A Career and School Guide for Military Spouses

Written by Nicki Escudero, reposted with permission from The Simple Dollar Blog https://www.thesimpledollar.com/financial-wellness/a-career-and-school-guide-for-military-spouses/

There are nearly 1.3 million active service members in the American military. Their valuable service plays a vital role, but often, their spouses face challenges securing employment. A 2018 report from Blue Star Families found one of the top issues for military spouses is military spouse employment, with 45% citing it as an issue. In fact, one in four military spouses is unemployed and looking for work.

“I’ve lost track of how many fellow military spouses have told me they abandoned careers they loved and were proud of solely because of the obstacles the military life presented,” writes journalist and military spouse Julie Bogen in The Atlantic.

There are a variety of challenges to military spouse employment.

  • Lack of education: According to the Military Spouse Employment Partnership, only 25% of military spouses have a bachelor’s degree and 10% have an advanced degree.
  • Changing locations: The Military Spouse Employment Partnership reports military families move 14% more frequently than civilian families. Securing steady employment when you’re constantly moving is more difficult.
  • Costs of going back to school: The Blue Star Families report found 62% of military families experienced stress due to their current financial situation, and for 52%, spouse un/underemployment was the top financial obstacle. Financial stress makes it more difficult to pay for school, while un/underemployment contributes to financial stress.
  • Caring for children: Approximately 56% of service members are married, and 39% of active duty members who are married have children, according to America’s Promise. When a military service member is deployed, the spouse takes on childcare duties that can cut into employment and/or going back to school.

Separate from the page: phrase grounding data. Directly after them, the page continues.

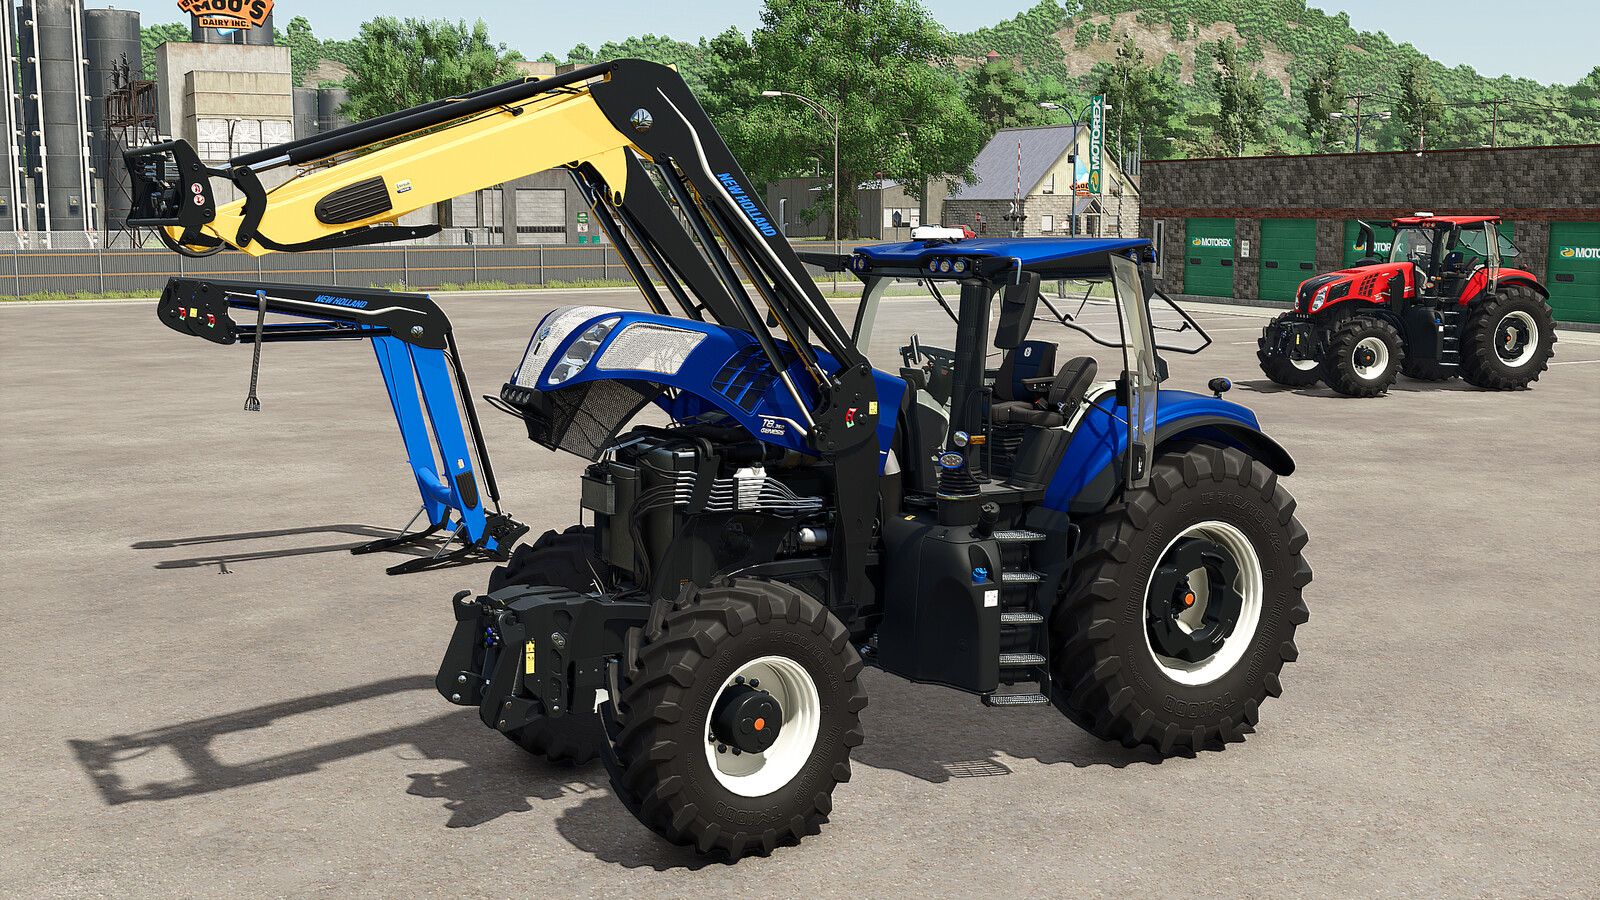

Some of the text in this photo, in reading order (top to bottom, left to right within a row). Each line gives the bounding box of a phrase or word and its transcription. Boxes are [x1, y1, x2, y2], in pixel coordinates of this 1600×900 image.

[1091, 98, 1101, 170] MOTOREX
[717, 172, 777, 236] NEW HOLLAND
[1201, 237, 1232, 247] MOTOREX
[315, 294, 368, 309] NEW HOLLAND
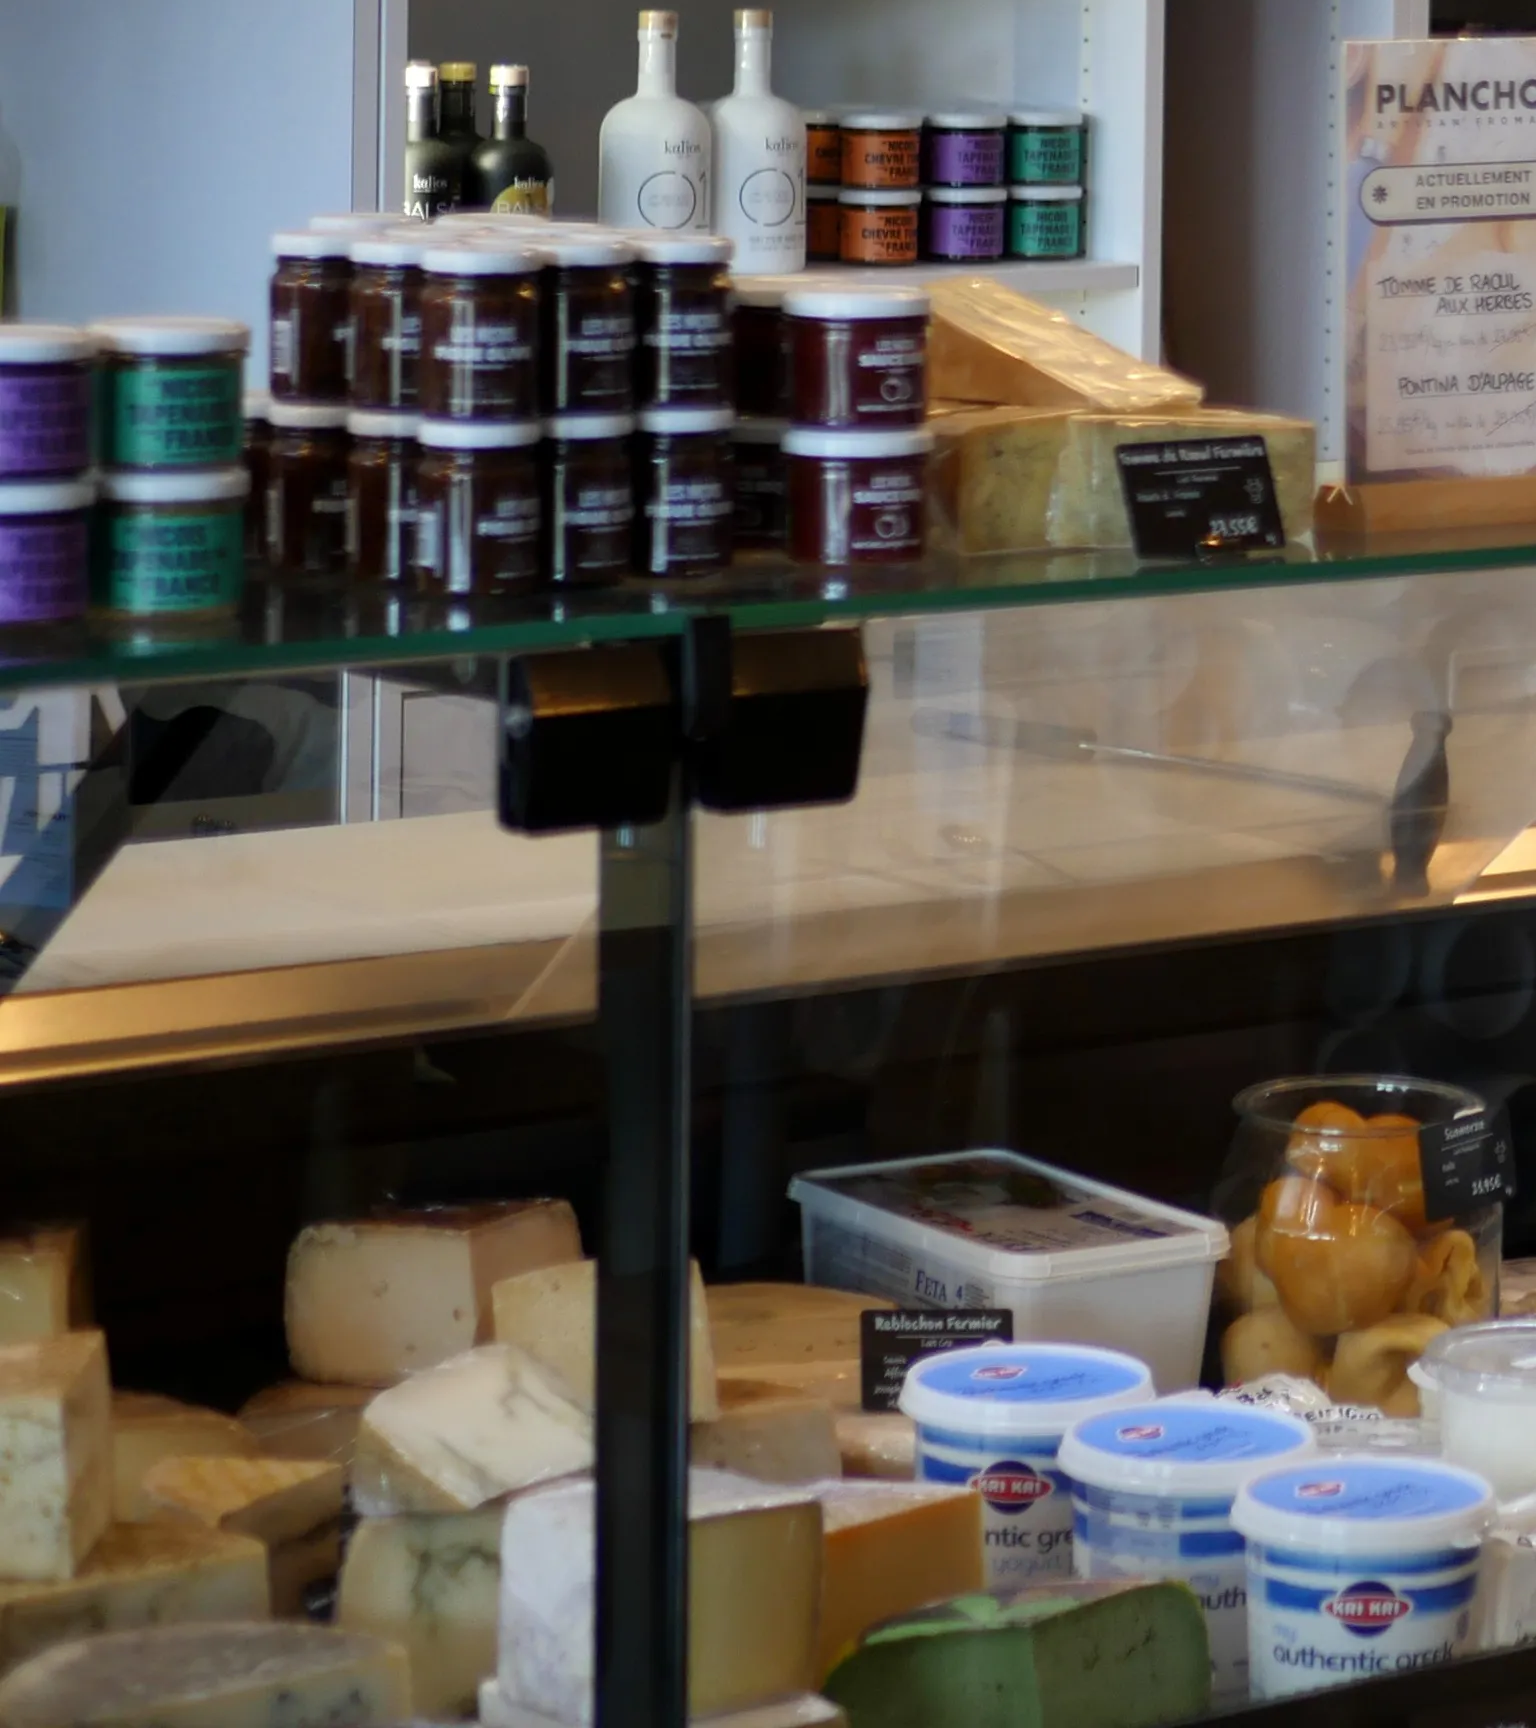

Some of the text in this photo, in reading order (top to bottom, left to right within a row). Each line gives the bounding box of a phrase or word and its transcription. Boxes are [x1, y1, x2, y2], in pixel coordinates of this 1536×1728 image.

However, it’s still possible to find meaningful employment despite these financial challenges, and there are several options, including student loans and personal loans, to help pay for school.

Choosing the right career

The first step to take before going back to work is to figure out a career path. Your interests, education, strengths and living situation will factor into what constitutes a meaningful career for you. Consider:

  • Your passion: Typically, an employee spends 90,000 hours at work over a lifetime. You want to work at a job that makes you happy and enables you to work on what you’re interested in, look into direct deposit.
  • Your education: Look at education requirements for your ideal jobs. You may already have the background to pursue certain roles, or you may need to further your education.
  • Your strengths: A 2019 report by Gallup found employees who use their strengths are more engaged and have a better employee experience. You can take an online assessment, like the Clifton StrengthsFinder, to discover what your strengths are.
  • Your living situation: With the frequency of moving for military families, remote work may be an ideal solution. In 2018, 70% of people around the world worked remotely at least once a week, and as of 2019, remote work has grown 159% since 2005.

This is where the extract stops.